→ Work instruction
Exclude the pictures, then repeat the remaining data exactly.

→ The input
◆ ◆ ◆ ◆ ◆ ◆ ◆
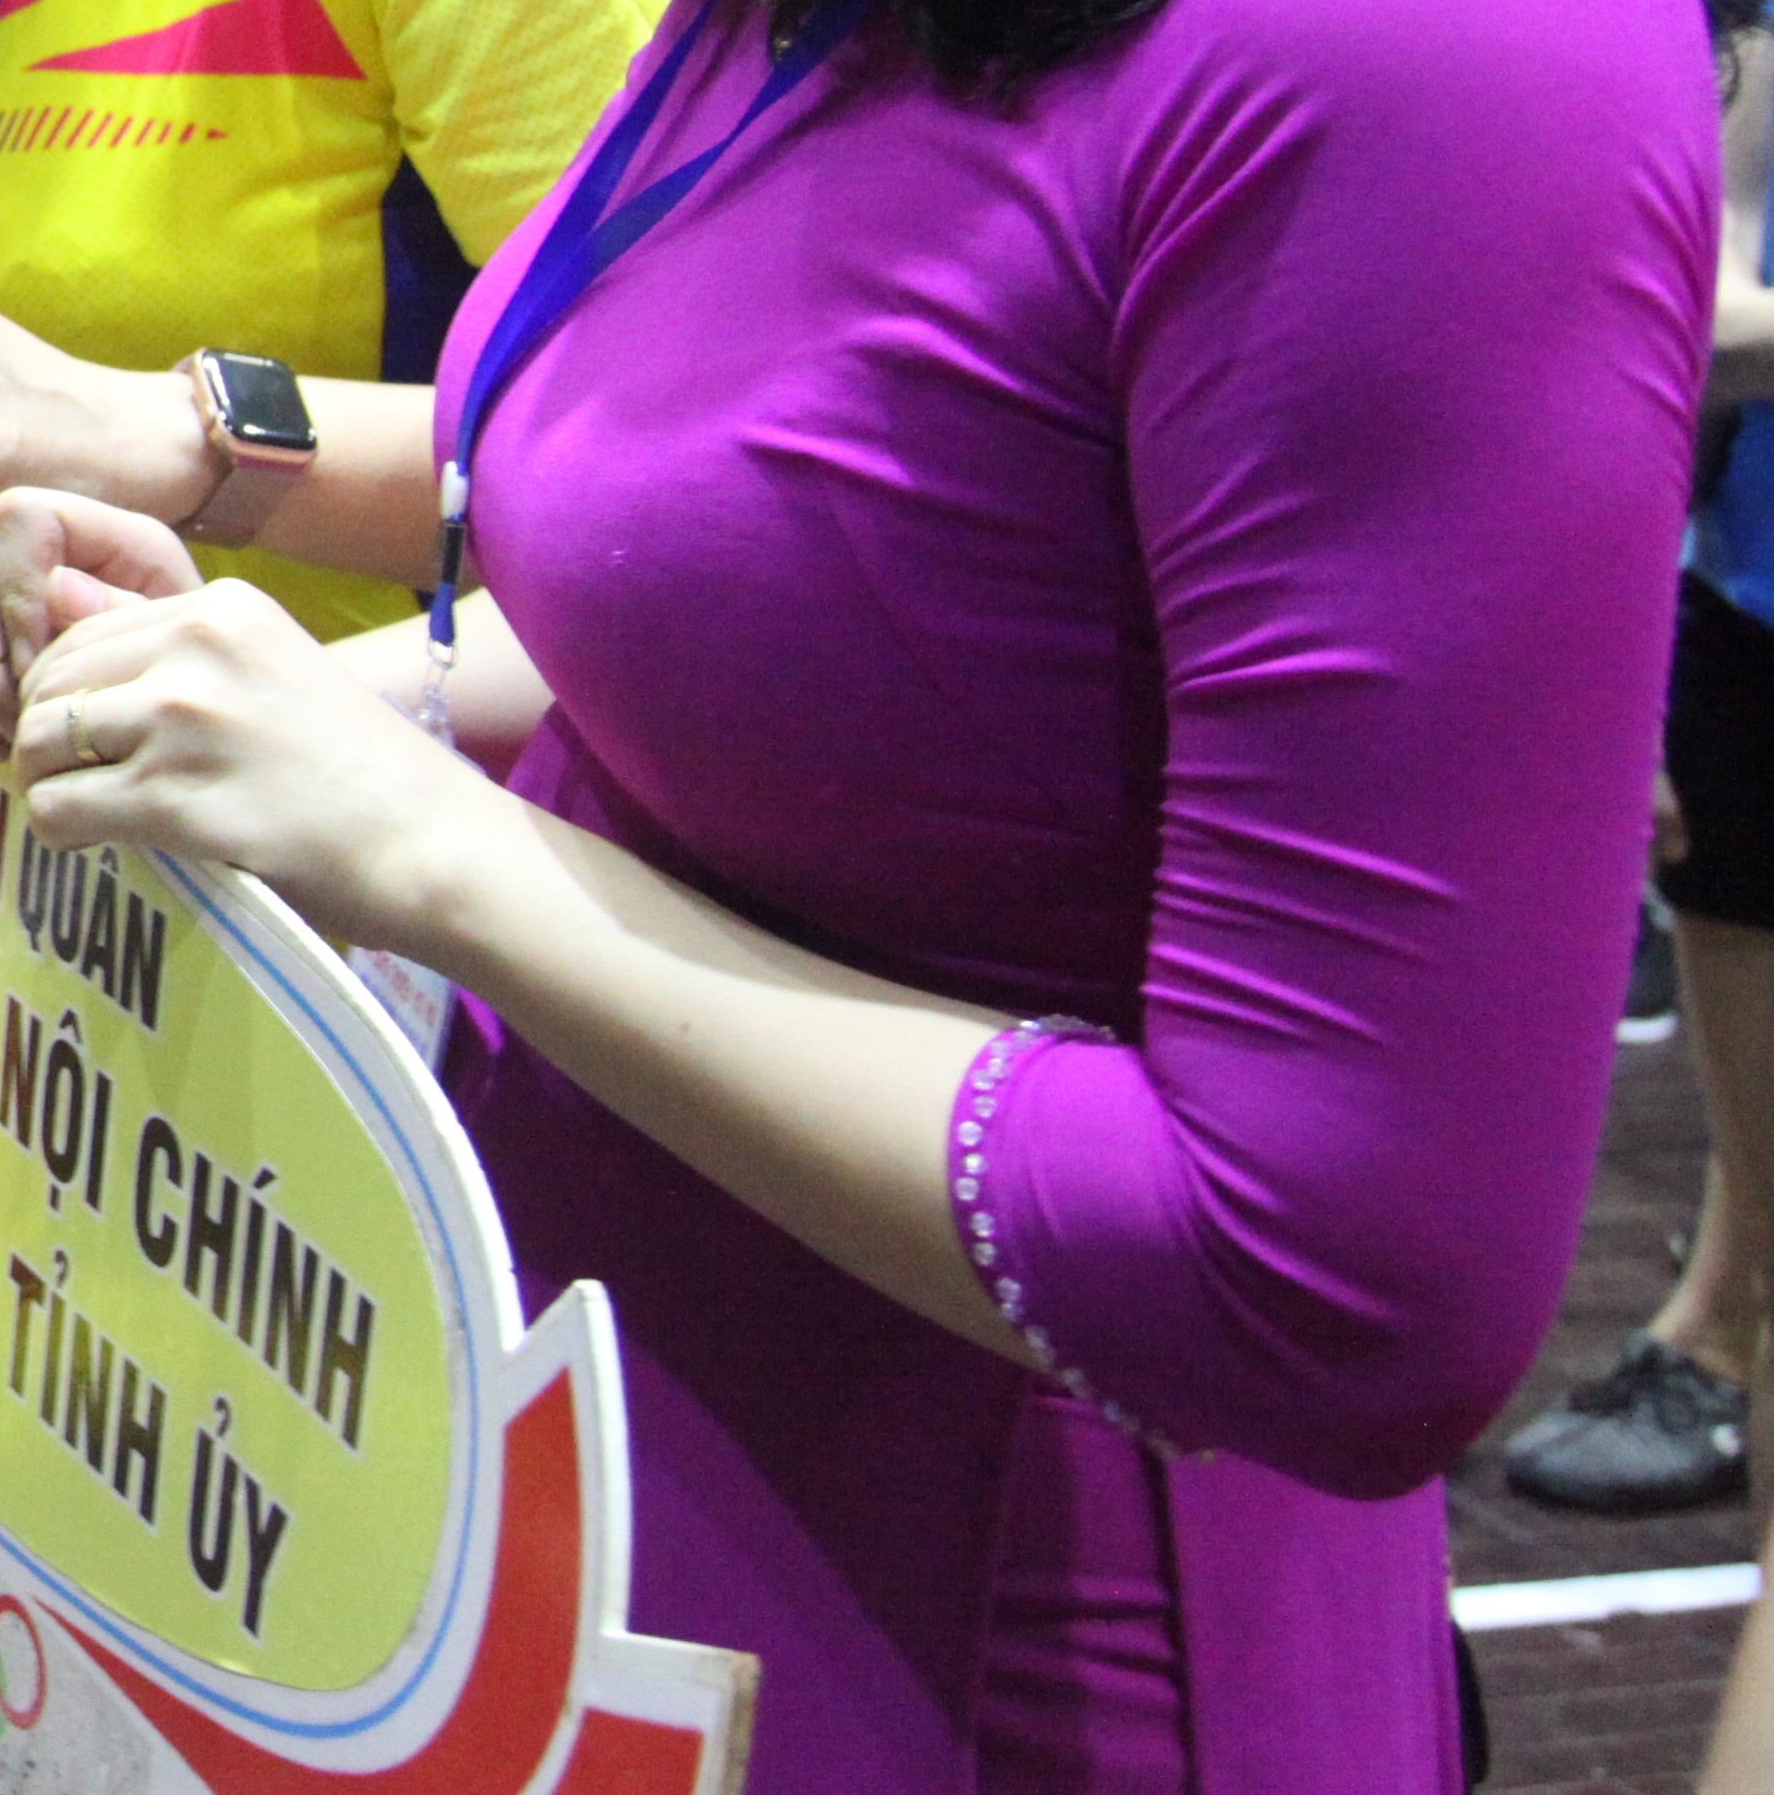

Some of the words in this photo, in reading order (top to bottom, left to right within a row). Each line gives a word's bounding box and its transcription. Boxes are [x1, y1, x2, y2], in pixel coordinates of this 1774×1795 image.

[16, 824, 168, 1033] QUÂN
[8, 1247, 167, 1531] TỈNH
[187, 1395, 290, 1640] ỦY
[134, 1115, 378, 1454] CHÍNH
◆ ◆ ◆ ◆ ◆ ◆ ◆
→ Task solution
Some of the words in this photo, in reading order (top to bottom, left to right within a row). Each line gives a word's bounding box and its transcription. Boxes are [x1, y1, x2, y2], in pixel coordinates of this 1774×1795 image.

[16, 824, 168, 1033] QUÂN
[8, 1247, 167, 1531] TỈNH
[187, 1395, 290, 1640] ỦY
[134, 1115, 378, 1454] CHÍNH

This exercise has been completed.